Animals and insects that are dangerous to humans have always excited attention. Once, they were a matter of life and death to many and still are in certain parts of less developed countries. Animals and insects that deliver a venomous bite or sting hold a fascination and horror to mankind. However, this is partly based on ignorance.
Our ancestors accepted stories of the wildest kind about ferocious and poisonous creatures. It was commonplace to exaggerate the size of the creature and its capacity to cause harm.
Because of these stories, even now there are some strange ideas about the dangers posed by some animals and insects. There are many animals that suffer under the stigma of a bad reputation in such countries as Africa.
For instance, the harmless but bizarre Chameleon (left) which eats insects, was feared more than deadly snakes. More recent times have seen the study of dangerous animals develop. However, in some cases, the knowledge that perhaps the spider, scorpion or snake is quite harmless, still does nothing to dispel the fear. The fear is deep-seated, apparently irrational and has been the subject of speculation by some psychologists.
Results have found that in many cases, venomous animals have been found to present far less danger than is popularly believed.
In the case of snakes, it has been observed that the mere sight of an Adder or Viper is likely to provoke an attack from humans with sticks, boots and anything else at hand. However, fear of the Adder has sometimes led to the innocent and harmless Grass snakes, Smooth snakes and Slow-worms (legless lizards – not snakes at all), becoming tarred with the same brush and slaughtered unnecessarily. Yet the bite of the Adder is rarely more severe than a wasp sting.

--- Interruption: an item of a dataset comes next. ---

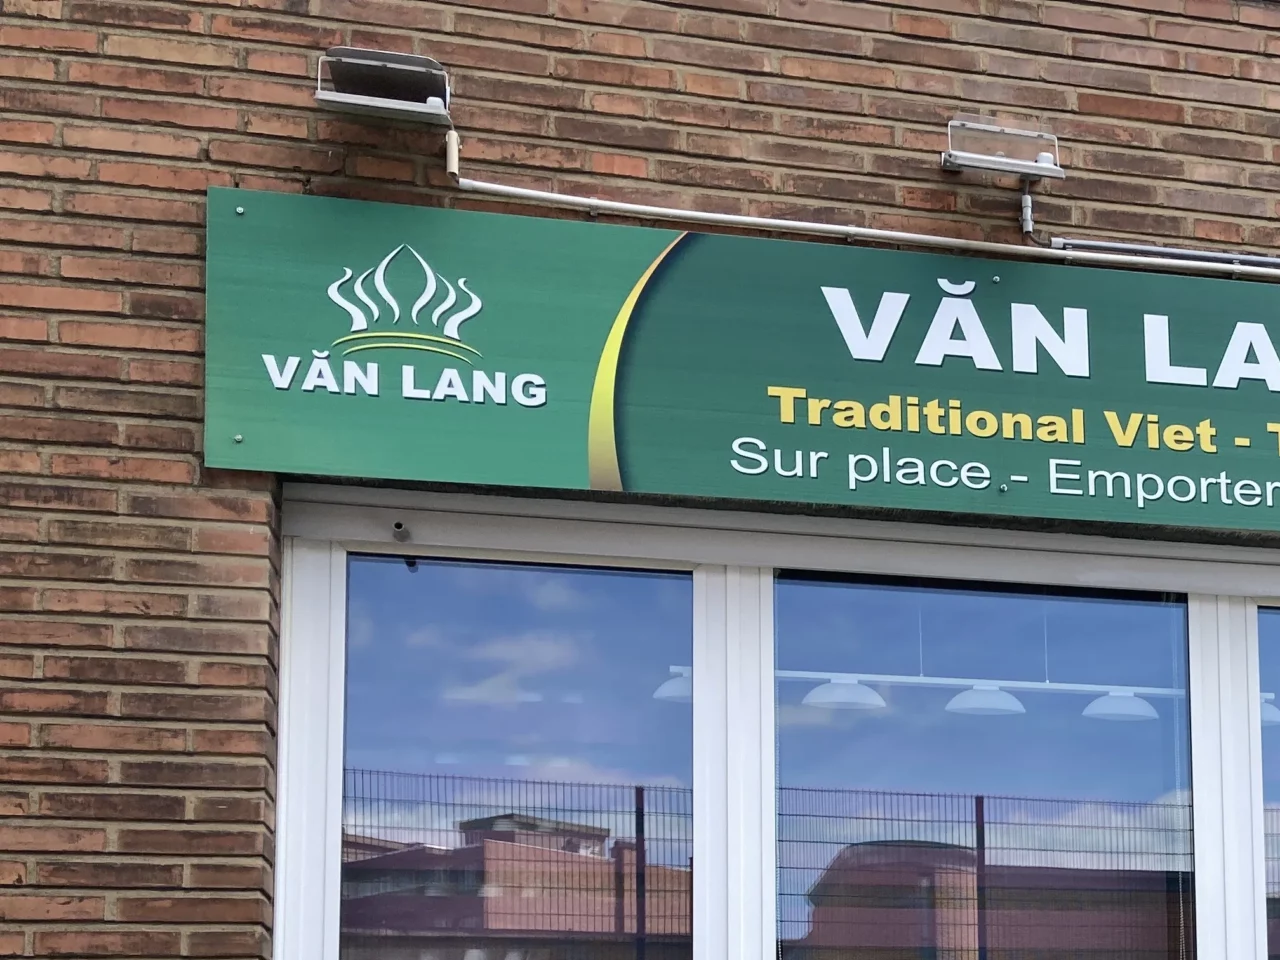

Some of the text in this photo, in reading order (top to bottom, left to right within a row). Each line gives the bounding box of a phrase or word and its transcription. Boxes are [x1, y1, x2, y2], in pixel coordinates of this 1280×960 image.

There has been only a small number of fatalities recorded in England and Wales involving British snakes during the first half of this century. The Adder when approached is most likely to slip away quietly and will only attack if it is concerned or provoked. However, there are some species of venomous animals that are more aggressive and can attack, but this is rare.
An important point to note is that when the animal attacks, it will most likely maim or kill its adversary but it may also get killed itself. It is far safer to retreat. For this reason, venomous animals are usually noticed only when they are forced to fight and have been unable to slip away unseen. Therefore, they get a reputation of attacking on sight, when in most cases it is merely defending itself.
The difference between Venomous and Poisonous
The words ‘venom’ and ‘poison’ should not be confused. Venom is used to describe a toxin that is delivered with specialised organs by stinging or biting using stingers, fangs, hollow fangs, a proboscis or tentacles. Snakes, Scorpions, Spiders and Wasps are Venomous.
Poisonous creatures have a toxin but have no method of delivery. They have to be eaten or touched in the case of the Poison Arrow Frog to be harmful. when another animal eats the poisonous animal, the predator may become ill or even die.
Some venom (neurotoxin), attacks the nervous system, causing pain, paralysis and eventually death by heart or lung failure. Cobras, stonefish, black widow spiders and scorpions use neurotoxins. Other venom (hemotoxin) attacks the circulatory system, causing pain, swelling and changes in the blood. Rattlesnakes, vipers and some spiders use hemotoxins.
Some of the most venomous animals (the ones with the most potent venom) include the yellow-lipped sea krait (a sea snake), box jellyfish, sea wasp jellyfish, blue-ringed octopus, reef stonefish, the inland taipan and cone shells. Other venomous animals, like Russell’s viper (Vipera russelii) kill more people because they are more aggressive and live near people.
Only a few mammals are venomous, including the duckbilled platypus (only males), several species of shrews and the Solenodon (a small insectivore).